Metastatic tumor is a major contributor to death caused by breast cancer. However, effective and targeted therapy for metastatic breast cancer remains to be developed. Initially, we exploited a feasible biological rationale of the association between metastatic status and tumor-initiating properties in metastatic breast cancer stem cells (BCSCs). Further, we explored that circular RNA RANBP2-like and GRIP domain-containing protein 6 (circRGPD6) regulates the maintenance of stem cell-like characteristics of BCSCs. Targeted expression of circRGPD6 via human telomerase reverse transcriptase (hTERT) promoter-driven VP16-GAL4-woodchuck hepatitis virus post-transcriptional regulatory element (WPRE)-integrated systemic amplifier delivery composite vector (TV-circRGPD6) significantly inhibited expression of stem-cell marker CD44 and increased expression of the DNA damage marker p-H2AX. Furthermore, we determined TV-circRGPD6, alone or synergized with docetaxel, displays significant therapeutic responses on metastatic BCSCs.

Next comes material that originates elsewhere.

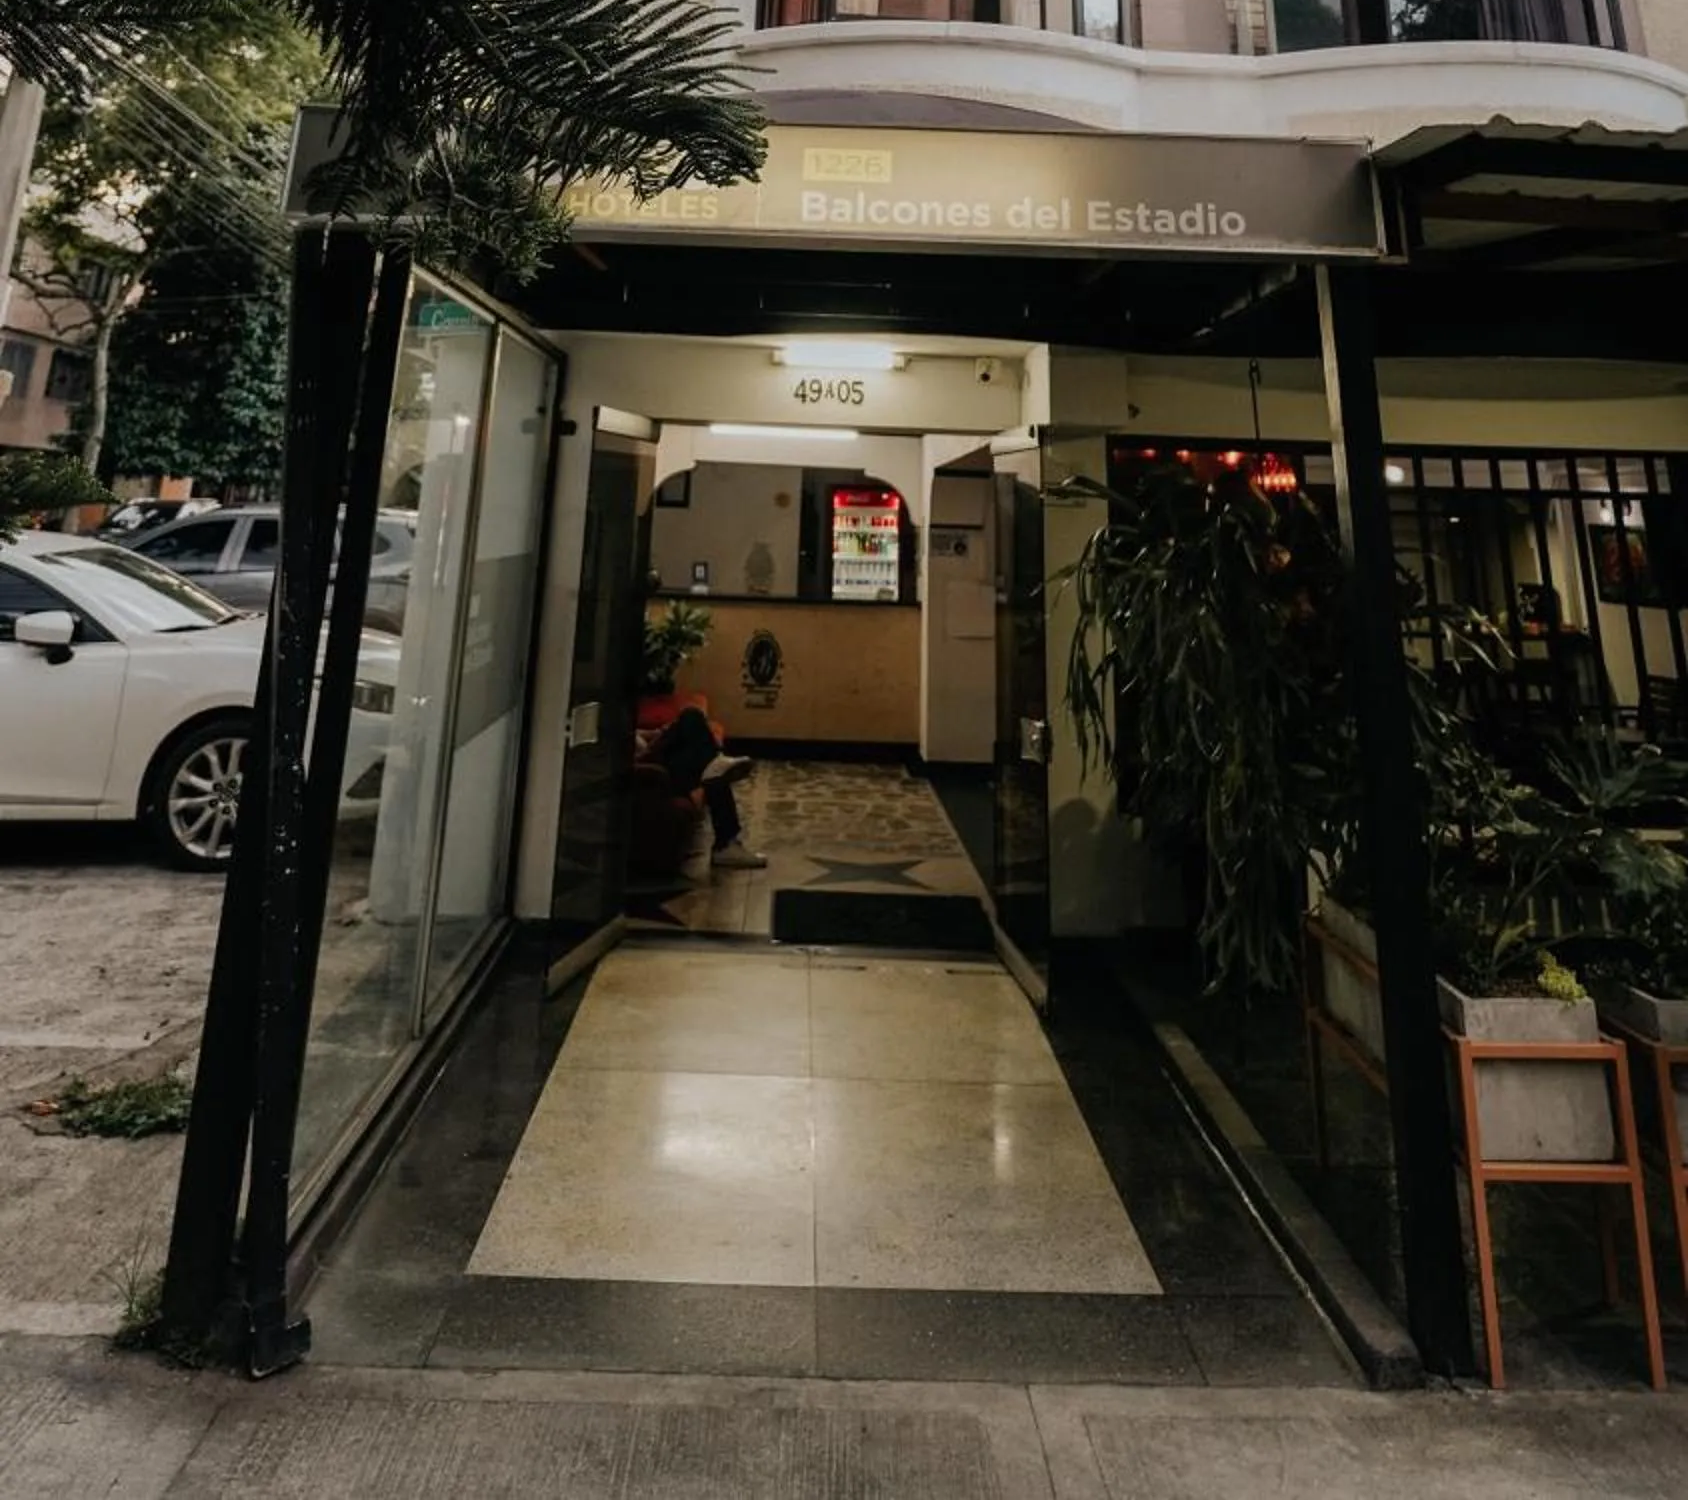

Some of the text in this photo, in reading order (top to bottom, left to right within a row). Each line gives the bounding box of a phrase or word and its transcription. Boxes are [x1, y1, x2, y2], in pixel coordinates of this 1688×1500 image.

[809, 153, 883, 178] 1226
[802, 190, 1247, 236] Balcones del Estadio

Mechanistic analyses exploited that TV-circRGPD6 suppresses BCSC-mediated metastasis via the microRNA (miR)-26b/YAF2 axis. Clinically, for the first time, we observed that expressions of circRGPD6 and YAF2 predict a favorable prognosis in patients with breast cancer, whereas expression of miR-26b is an unfavorable prognostic factor. Overall, we have developed a TV-circRGPD6 nanoparticle that selectively expresses circRGPD6 in metastatic BCSCs to eradicate breast cancer metastasis, therefore providing a novel avenue to treat breast cancers.